Sp1 and AP2 proteins bind directly to their cognate sites in the hTAF_II55 promoter-proximal region. (A) Purified recombinant Sp1 and AP2 proteins. FLAG-tagged Sp1 and FLAG-tagged AP2 proteins were purified from insect cells and bacteria, respectively, as described in Materials and Methods. The proteins were then loaded on a 10% polyacrylamide–SDS gel and visualized after Coomassie blue staining. Positions of prestained protein size markers (in kDa) are indicated on the left. (B) DNase I footprinting with recombinant AP2 protein.
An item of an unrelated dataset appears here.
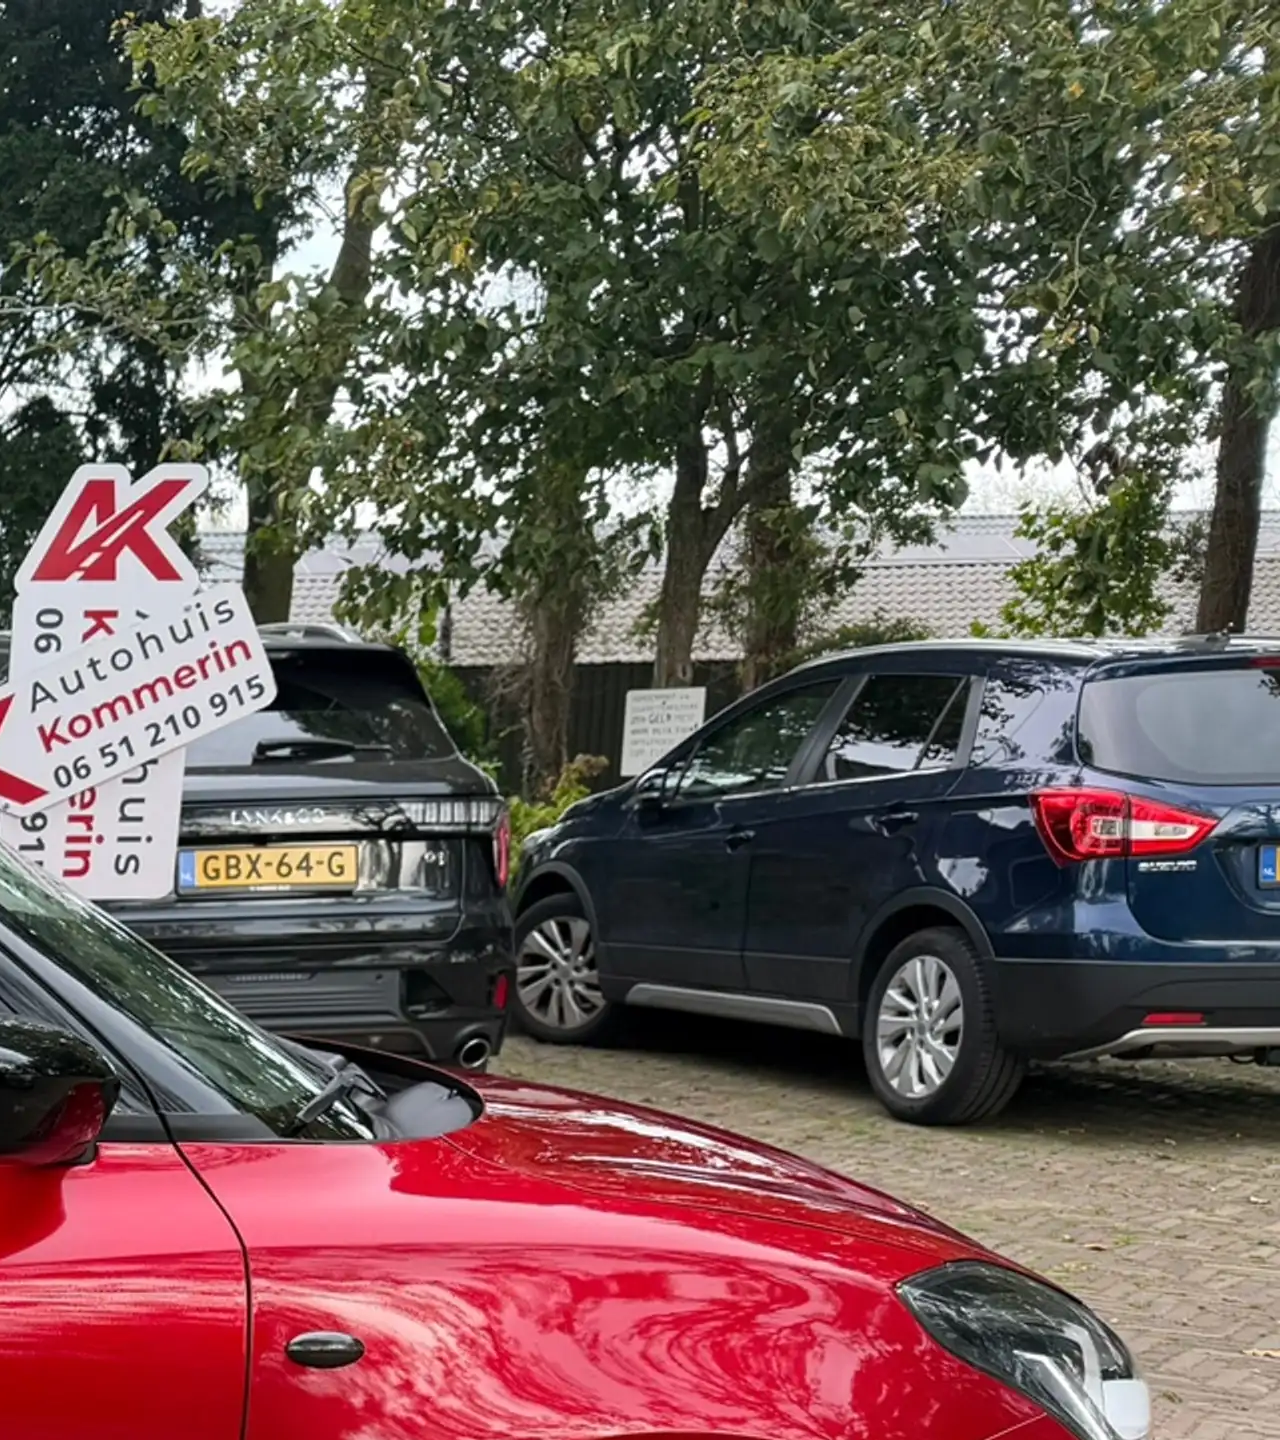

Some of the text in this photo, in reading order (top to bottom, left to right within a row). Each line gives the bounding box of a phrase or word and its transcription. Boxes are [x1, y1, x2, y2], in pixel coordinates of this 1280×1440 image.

End-labeled top and bottom strands of the hTAF_II55 promoter fragment spanning –128 to +87 were incubated, respectively, with different amounts of FLAG-tagged AP2 protein as indicated. DNase I footprinting was then performed as described in Materials and Methods, and visualized after exposure to an X-ray film. The A/G footprinting markers generated by the Maxam–Gilbert sequencing method (85) were included to determine the boundaries of the protected regions (marked by vertical lines). Hypersensitive sites induced by AP2 binding are denoted by asterisks. (C) DNase I footprinting with recombinant Sp1 protein. DNase I footprinting with FLAG-tagged Sp1 was similarly performed as described above, except using only the top strand of the labeled hTAF_II55 fragment and including an additional footprinting marker ‘C’ generated by the Maxam–Gilbert sequencing method. (D) Summary of the hTAF_II55 promoter region protected by Sp1 and AP2. The hTAF_II55 promoter sequence spanning –80 to +1 were illustrated with core sequences recognized by Sp1 and AP2 indicated by boxes. Horizontal lines mark the sequences protected by AP2 (thick bars) and Sp1 (thin bars) proteins in DNase I footprinting experiments.